Talk about getting off on the wrong foot! That crack is apt to get anything else from the Society tossed into the wastebasket.

murray
COO Bill Murray
Ironically it comes from an industry not noted for its trustworthiness, although the Murray statement speaks of PR in the most glowing of terms (“the list of positive changes in society resulting from PR goes on and on”).

The Society’s own $150K study of the believability of information sources, published in 1999 after three years of preparation and two years of interviews with 2,000 people, found that “PR specialist” ranked 43rd on a list of 45 sources.

David Carr, New York Times columnist, on Jan. 29 harpooned the industry with the charge that “the modern CEO lives behind a wall of communications operatives, many of whom ladle out slop meant to obscure rather than reveal.”

Those are very hurtful developments that damage the industry and the people in it. They must be faced and the reasons for such developments attacked. The main organization that should be doing that, an organization with $10 million in revenues, is Murray’s.

The reclusive, overpaid ($377K) Murray, who refuses to divulge the terms of his new three-year contract, should have set up a meeting with Carr and heard him out. Murray has yet to appear in person before any New York group in nearly five and a half years as far as we know. He has not addressed the New York chapter, which should have been one of his first outings.

Another miscue he made was impugning the motives of McCaskill, quoting Roll Call as saying she is in a tight race for re-election and may be trying to “distance herself from Obama and the Democratic Party.”

Info Withheld on a Massive Scale


PRS is laced with info-withholding policies and tactics, including refusal to supply the complete list of Assembly delegates except to the delegates themselves; withholding transcripts of the last seven Assemblies; refusal to post the minutes of the 2011 Assembly, and the removal of all but seven names of h.q. staffers.

Reporters are blocked from access to the annual audit and quarterly statements. Teleconferences are in “listen-only” mode. Neither directors nor any staffers will answer 15 questions currently put to them not only by this website but by members, including when will the Society obey FASB rule 958-605-21-1 that calls on dues income to be deferred?

PRS Enforces Press Boycott


A current major stain not only on the Society but all its leaders and members is the boycott that it is enforcing against the O’Dwyer Co. Guards blocked us from all sessions and the exhibit hall at the 2011 conference.

A United Nations worldwide study has pointed out that the chief reason press persecution has reached epidemic proportions worldwide is that governments and professional associations look the other way.

Press and PR groups, with the exception of the National Press Club and PR Watch, ignore PRS’s vendetta against the O’Dwyer Co. because they are feeding at the corporate table.

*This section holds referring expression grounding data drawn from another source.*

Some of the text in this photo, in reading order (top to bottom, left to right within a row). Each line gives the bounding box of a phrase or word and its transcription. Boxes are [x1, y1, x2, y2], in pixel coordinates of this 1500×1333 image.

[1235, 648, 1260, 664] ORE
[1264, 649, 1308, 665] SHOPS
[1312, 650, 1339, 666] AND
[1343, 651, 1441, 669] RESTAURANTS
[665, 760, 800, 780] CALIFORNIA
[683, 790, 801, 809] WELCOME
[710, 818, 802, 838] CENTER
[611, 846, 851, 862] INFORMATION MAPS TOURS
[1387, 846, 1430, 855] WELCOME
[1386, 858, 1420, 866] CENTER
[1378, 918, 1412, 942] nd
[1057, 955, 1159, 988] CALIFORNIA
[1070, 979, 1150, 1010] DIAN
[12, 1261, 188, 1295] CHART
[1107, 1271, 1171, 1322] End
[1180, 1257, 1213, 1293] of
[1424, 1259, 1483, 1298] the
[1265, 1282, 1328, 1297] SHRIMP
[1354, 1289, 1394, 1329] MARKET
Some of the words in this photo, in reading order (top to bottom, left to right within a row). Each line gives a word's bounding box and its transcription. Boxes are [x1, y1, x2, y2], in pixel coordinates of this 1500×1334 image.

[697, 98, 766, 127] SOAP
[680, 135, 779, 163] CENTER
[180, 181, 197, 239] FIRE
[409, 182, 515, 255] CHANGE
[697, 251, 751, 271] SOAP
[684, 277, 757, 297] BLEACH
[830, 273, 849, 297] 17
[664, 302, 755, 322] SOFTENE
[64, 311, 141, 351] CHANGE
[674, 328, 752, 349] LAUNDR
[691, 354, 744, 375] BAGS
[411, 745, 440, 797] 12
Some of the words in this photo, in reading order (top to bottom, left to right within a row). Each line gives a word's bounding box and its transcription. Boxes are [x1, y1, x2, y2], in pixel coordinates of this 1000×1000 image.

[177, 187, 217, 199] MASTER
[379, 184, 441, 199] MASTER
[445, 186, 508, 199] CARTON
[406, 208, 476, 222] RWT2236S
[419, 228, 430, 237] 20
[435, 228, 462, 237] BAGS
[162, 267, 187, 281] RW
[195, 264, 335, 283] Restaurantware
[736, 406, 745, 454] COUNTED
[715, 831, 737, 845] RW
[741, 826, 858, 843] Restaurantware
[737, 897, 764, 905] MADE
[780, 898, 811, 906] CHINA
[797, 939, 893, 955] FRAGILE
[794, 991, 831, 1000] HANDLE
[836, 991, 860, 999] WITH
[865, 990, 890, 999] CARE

The New York Financial Writers’ Assn. and the Committee to Protect Journalists have high-priced banquets each year funded by corporate interests.

Our blog on the UN’s quest to publicize lack of interest by governments on press persecution, coupled with details of O’Dwyer access blockage by PRS, has been sent to New York Senator Charles Schumer and Rep. Carolyn Maloney, the Congresswoman for our New York district.

They should look into this and condemn the Society’s policies.

Navi Pillay, High Commissioner for Human Rights of UNESCO, has made combating the impunity of those who attack the press one of her top priorities. She says this is a “battle” that must be waged with all possible resources.

If the PR Society wanted to serve both the PR industry and the press, this would be a cause that it could take up.

CPJ and other journalist groups highlight the deaths of journalists but ignore carnage of a different sort that is taking place in the U.S. and elsewhere—the withdrawal of financial support of media by business interests.

The free-fall of newspaper ad revenues from $49B in 2006 to $20B in 2011 represents the loss of many thousands of reporter jobs. Newspaper circulation has fallen to its lowest level since 1940. Business could help make up for this loss of revenue by taking site licenses to the websites of the papers.